On a eu le moustique tigre en 2004, le frelon asiatique en 2005, la pyrale du buis en 2008, maintenant la drosophila suzukii. De quoi s’agit-il ?
Les biologistes et généticiens s’intéressent depuis longtemps à la mouche dite « drosophile » (cela veut dire « qui aime l’humidité »), parce qu’elle est petite (2 ou 3 mm) et se reproduit très vite (une génération tous les quinze jours) : il est donc plus facile d’étudier les lois de l’hérédité chez elle que chez les éléphants. Et comme beaucoup de ces lois sont indépendantes de l’espèce, la mouche drosophile apparaissait comme un vrai bonheur pour le chercheur.

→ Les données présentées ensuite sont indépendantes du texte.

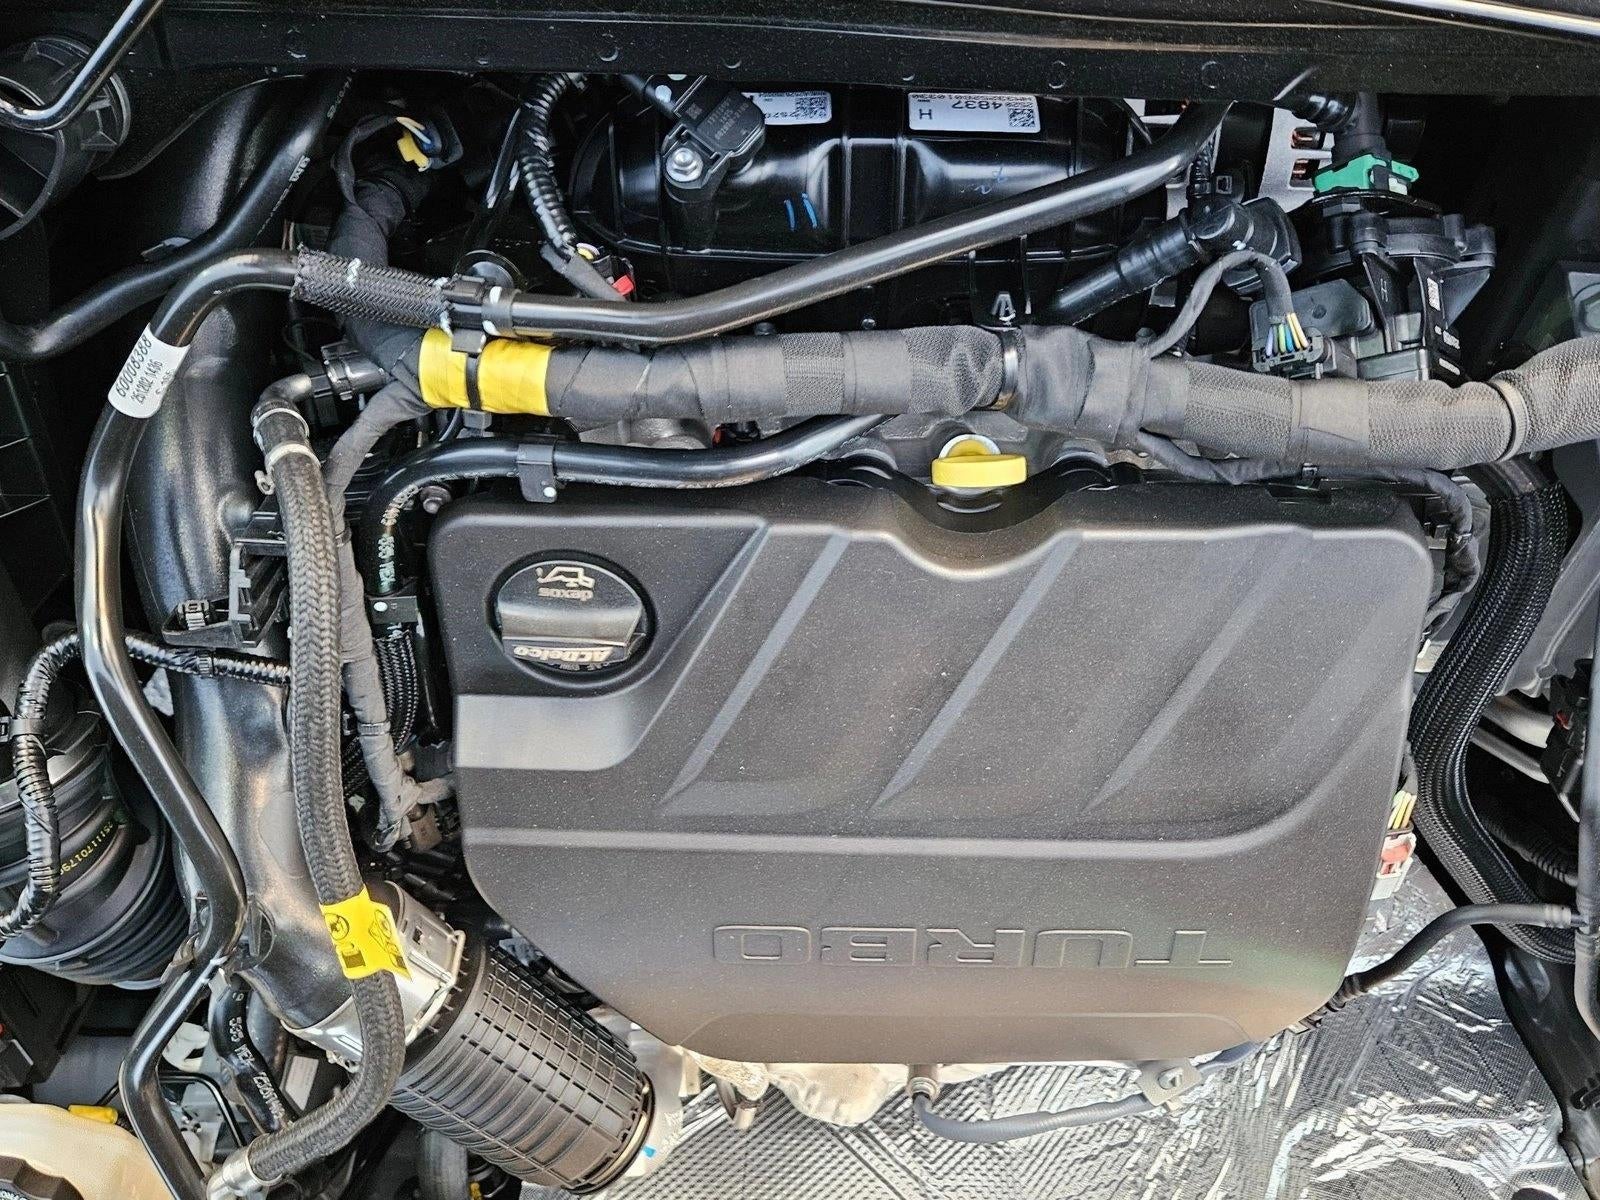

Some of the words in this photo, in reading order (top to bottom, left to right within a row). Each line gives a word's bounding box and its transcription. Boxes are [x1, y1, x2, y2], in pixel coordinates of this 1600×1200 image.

Les drosophiles classiques (dites « melanogaster », c’est-à-dire : au ventre noir) aiment les fruits pourris, leurs larves s’en nourrissent. La suzukii est plus perverse : son organe qui pond les œufs est volumineux et rigide, elle s’en sert comme d’une arme pour percer la peau des fruits sains arrivés à maturité. La larve se développe alors dans le trou, attire les bactéries, les moisissures. Ses fruits favoris sont les cerises, les fraises, les framboises... En 2016, saison certes particulièrement mauvaise, on considère qu’elle a détruit près de 35 % de la production française.

D’où vient-elle ?
Elle vient de Chine, du Japon et de Corée et a été introduite accidentellement par le commerce international, comme les autres espèces invasives. C’est un phénomène analogue à l’arrivée du phylloxéra (venu des États-Unis) dans la seconde moitié du XIXe siècle. Ces invasions sont plus nombreuses aujourd’hui avec la mondialisation, malgré les réglementations et les contrôles.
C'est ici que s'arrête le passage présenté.